Os dados combinados “mostraram muito claramente que a fonte de rádio estendida se encaixa na borda dos raios-X como uma luva”, escreveram Giacintucci e o autor do estudo Maxim Markevitch, do Centro de Vôo Espacial da NASA/Goddard, em um post do Observatório de Raios-X Chandra. Eles estavam olhando para uma região enorme no plasma do aglomerado de galáxias que havia sido esculpida por elétrons de alta energia emitindo ondas de rádio. Essa cavidade, como os pesquisadores chamaram, foi aberta por uma explosão inimaginável de energia. Os cientistas já viram outras bolhas desse tipo antes, mas a bolha geralmente está dentro do centro do aglomerado de galáxias, sem lascar um pedaço dele.

Mas, de acordo com Giacintucci e Markevitch, a explosão que teria produzido essa extremidade côncava seria cinco vezes maior que a maior explosão de energia já descoberta. E a energia das ondas de rádio – os telescópios usados ​​neste estudo observaram principalmente ondas de rádio de baixa frequência – sugerem que a explosão é um “dinossauro” antigo, segundo o artigo, ocorrendo centenas de milhões de anos atrás (sim, quero dizer centenas de milhões de anos antes que o aglomerado de galáxias, que está a centenas de milhões de anos-luz de nós, liberasse a luz que agora estamos observando hoje). A radiação de alta frequência dessa explosão há muito desapareceu.

O que poderia ter produzido tal explosão? Talvez tenha sido uma grande explosão do buraco negro supermassivo no centro de uma galáxia ativa.

Ainda há perguntas a serem respondidas. Essa explosão teve um papel na evolução do plasma no núcleo do aglomerado? Por que existe apenas uma bolha, quando explosões como essas geralmente produzem duas bolhas simétricas?

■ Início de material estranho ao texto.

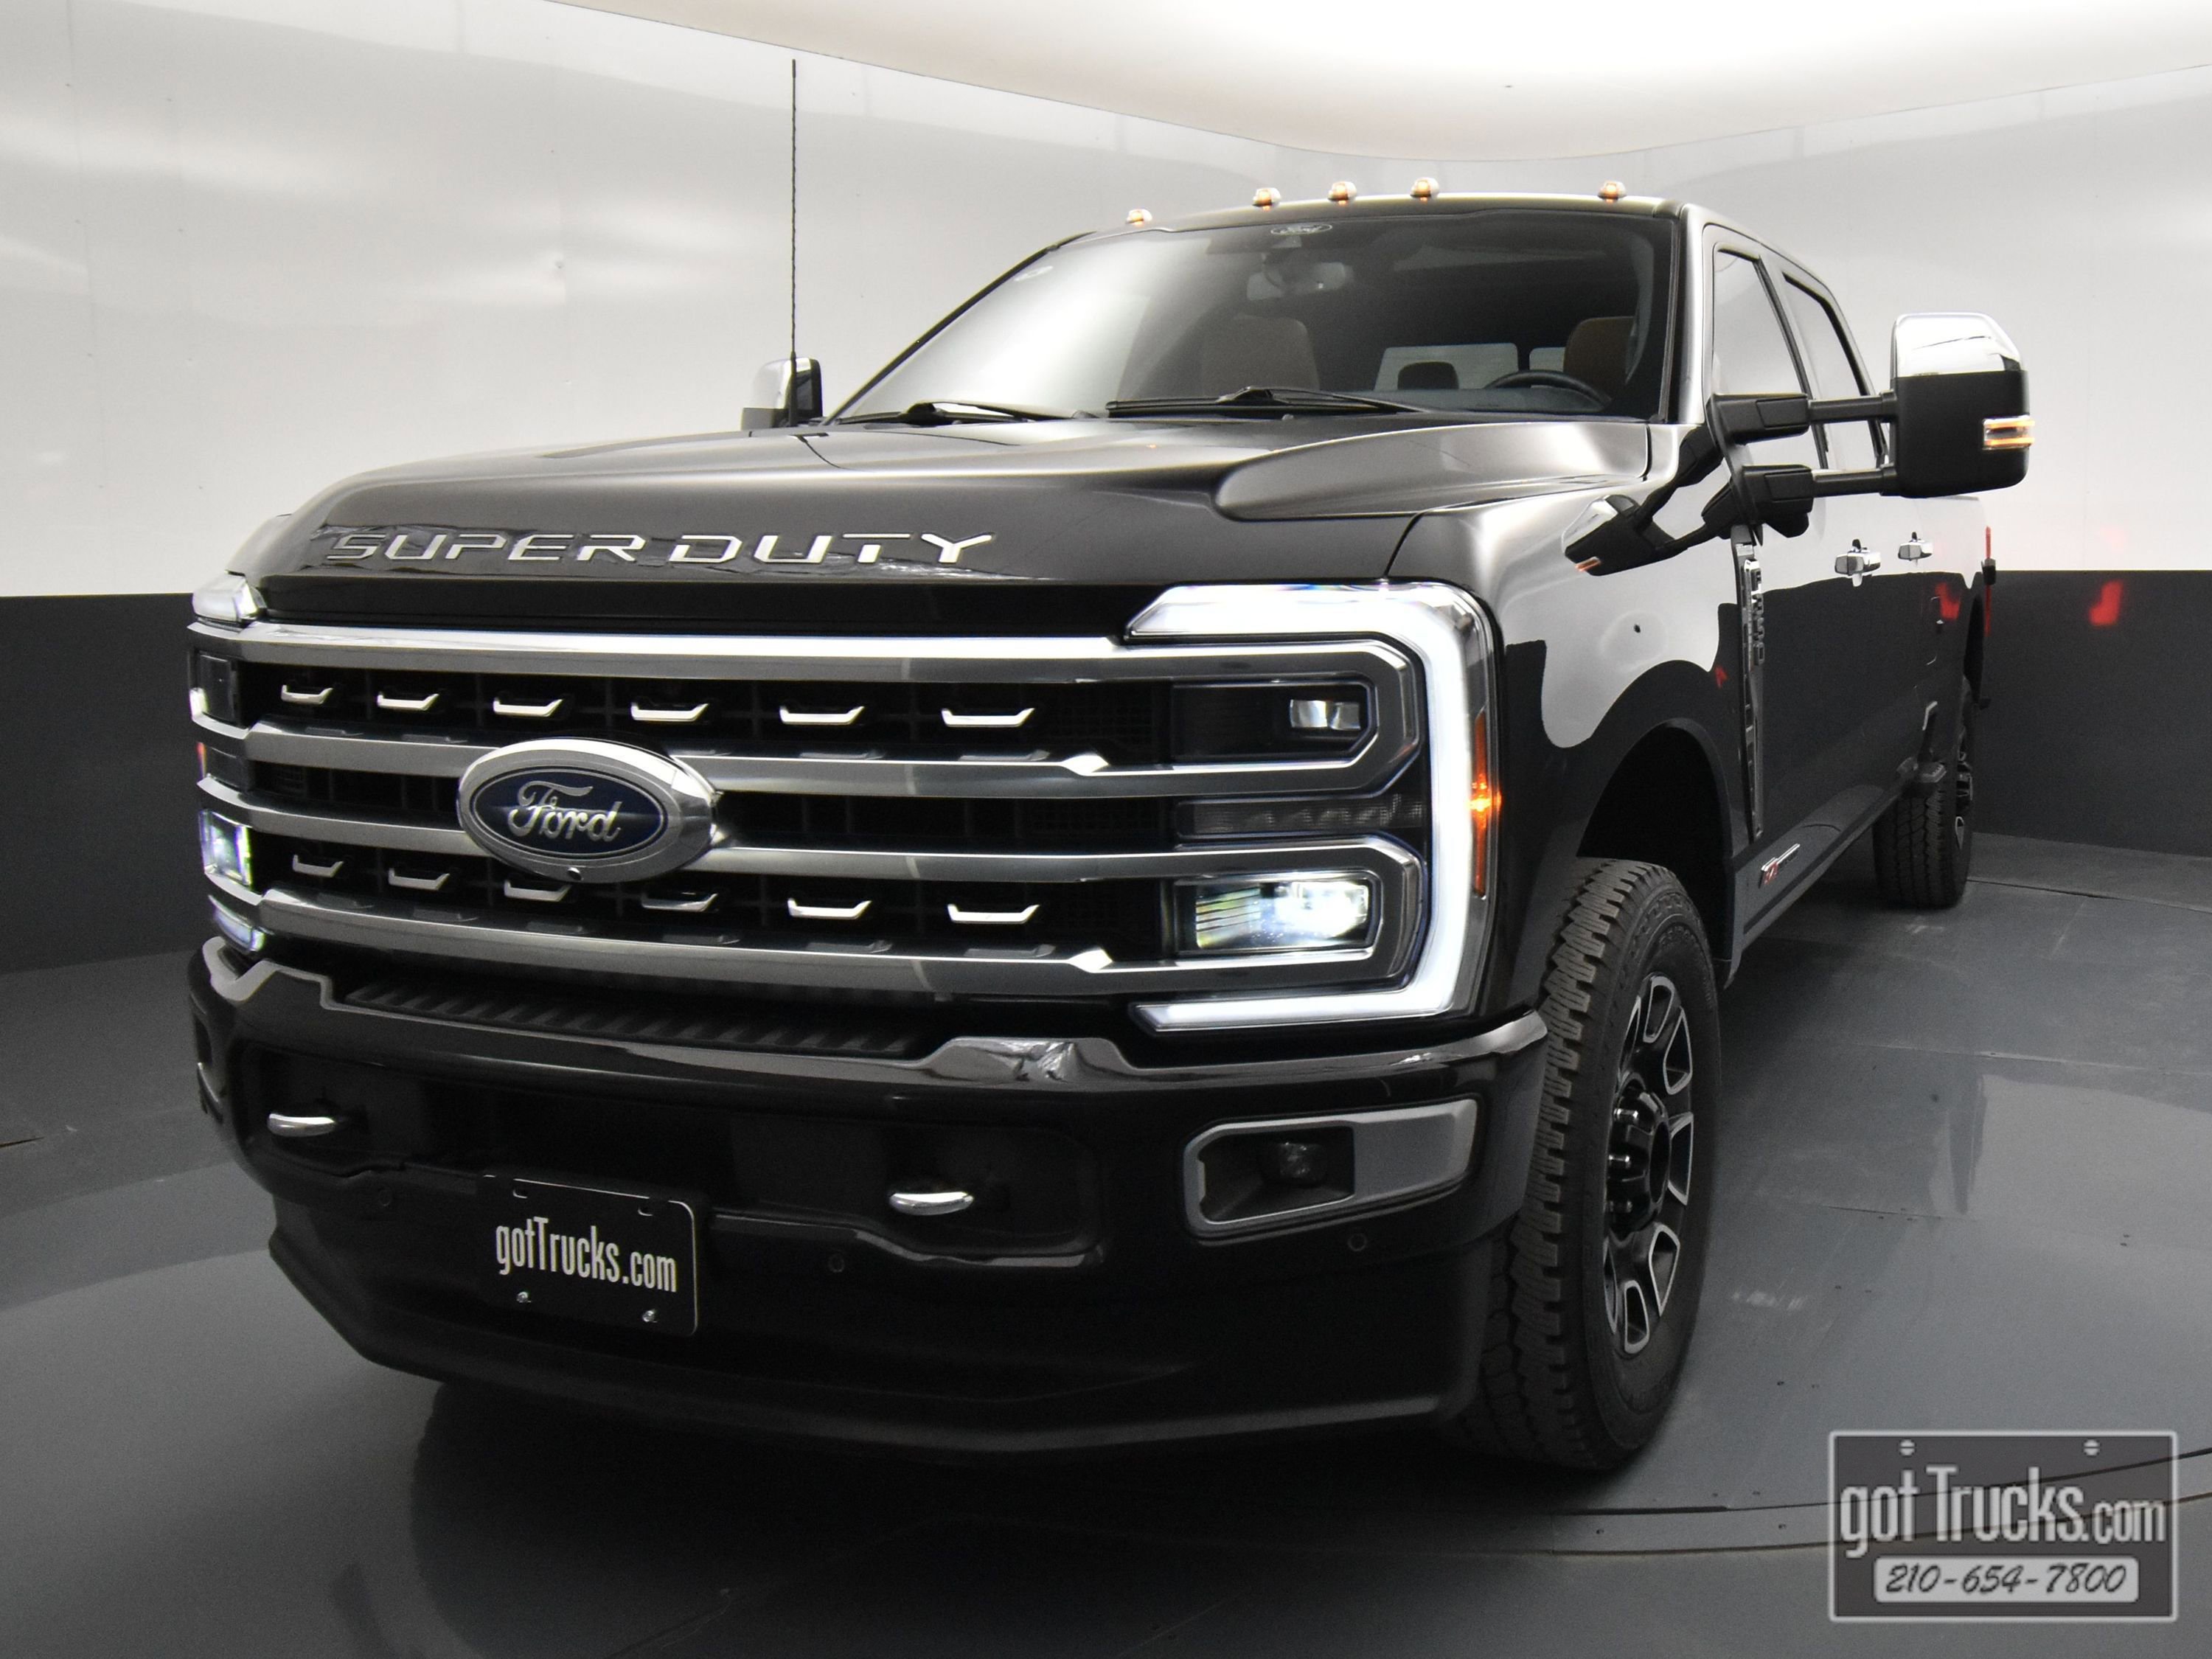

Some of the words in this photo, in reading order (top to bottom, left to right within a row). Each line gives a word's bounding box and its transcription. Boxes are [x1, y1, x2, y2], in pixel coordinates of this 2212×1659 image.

Talvez, aprofundar-se nas frequências de rádio mais baixas revelará mais segredos obscurecidos pelo tempo.

Werner, o cientista que liderou o trabalho que inicialmente descartou a ideia de que o formato de biscoito mordido poderia ser causado por uma enorme explosão, está feliz por provarem que ele estava errado, de acordo com um blog post do Chandra. “Afirmações extraordinárias precisam de evidências extraordinárias e a observação relatada neste artigo fornece a evidência que nos faltava”, disse ele.